**MATERIAL FOR THIS TASK**
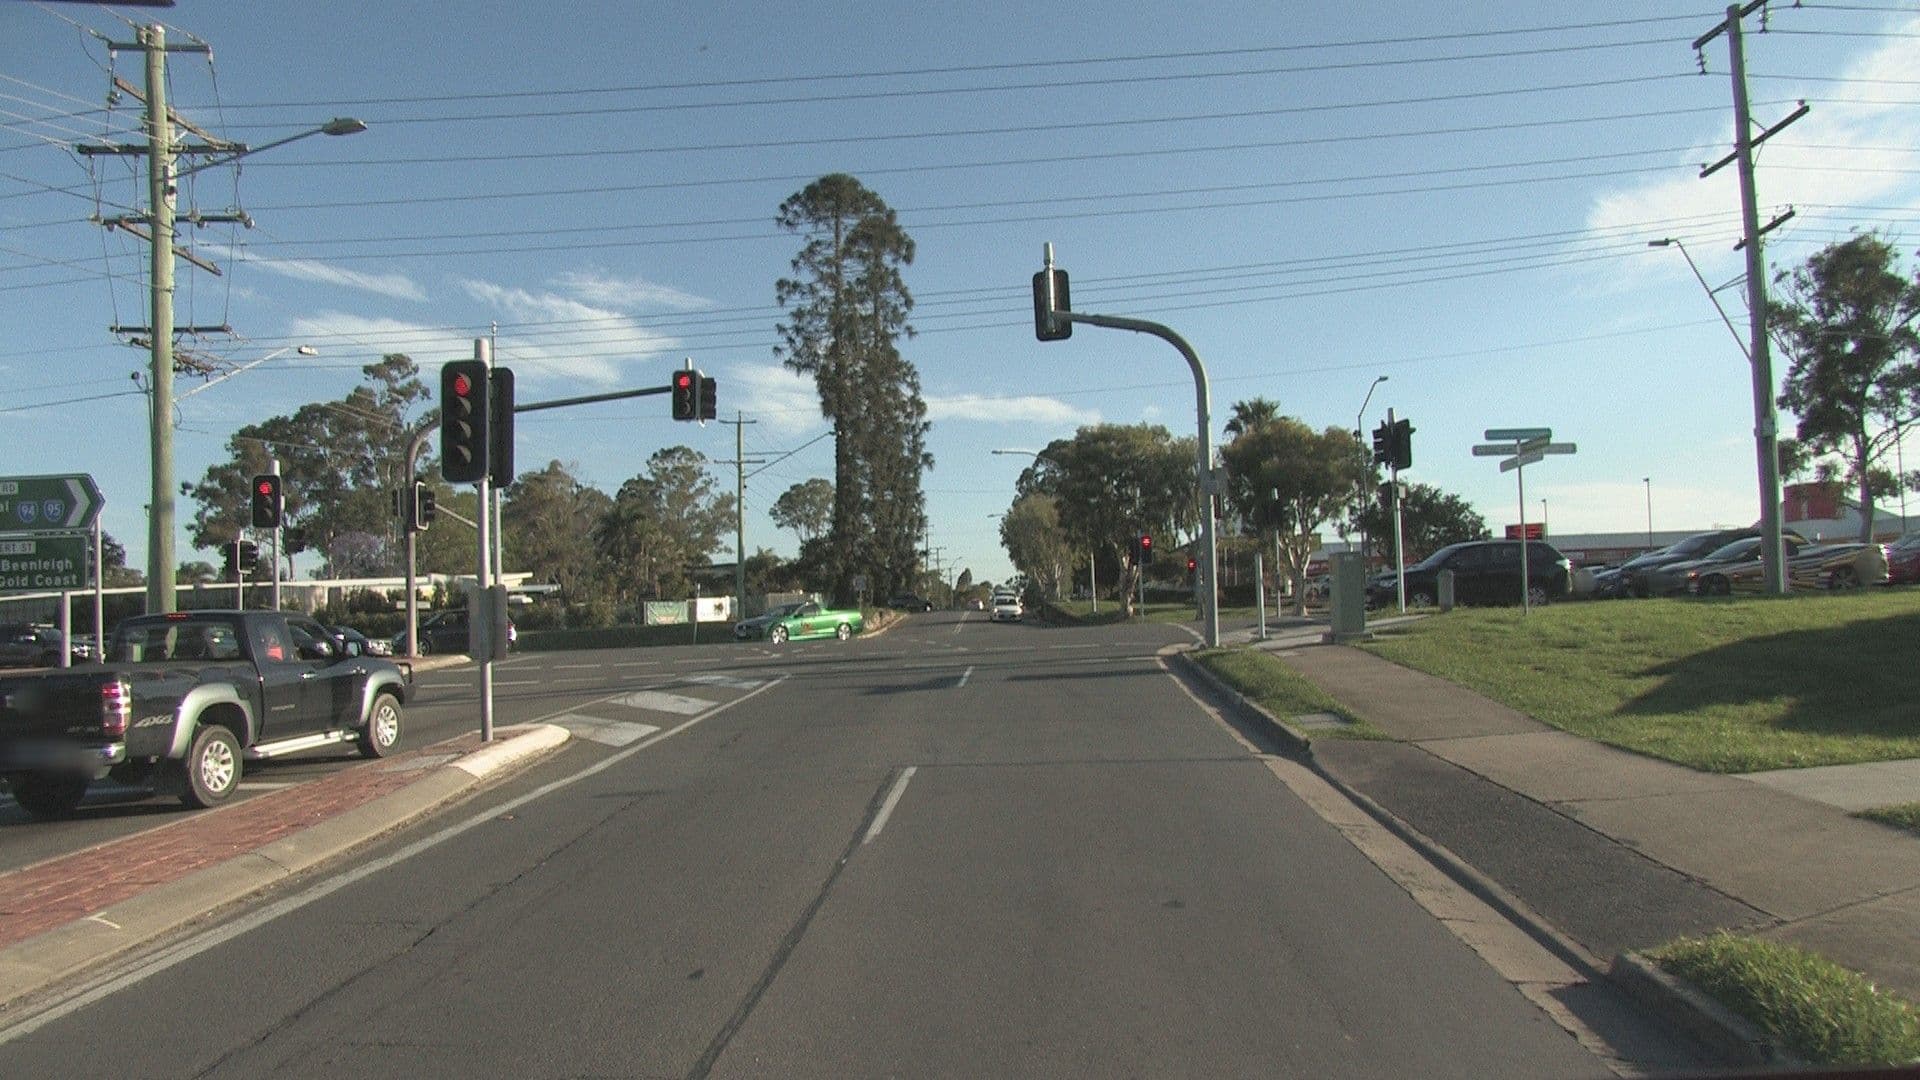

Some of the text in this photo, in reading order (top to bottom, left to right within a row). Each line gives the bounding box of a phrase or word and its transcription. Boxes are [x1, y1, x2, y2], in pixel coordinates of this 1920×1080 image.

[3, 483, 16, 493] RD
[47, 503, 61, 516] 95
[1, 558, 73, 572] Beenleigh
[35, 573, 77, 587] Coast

**TASK OBJECTIVE**
Could the entries above be returned verbatim, with no pictures included?

**WORKED SOLUTION**
Some of the text in this photo, in reading order (top to bottom, left to right within a row). Each line gives the bounding box of a phrase or word and its transcription. Boxes are [x1, y1, x2, y2], in pixel coordinates of this 1920×1080 image.

[3, 483, 16, 493] RD
[47, 503, 61, 516] 95
[1, 558, 73, 572] Beenleigh
[35, 573, 77, 587] Coast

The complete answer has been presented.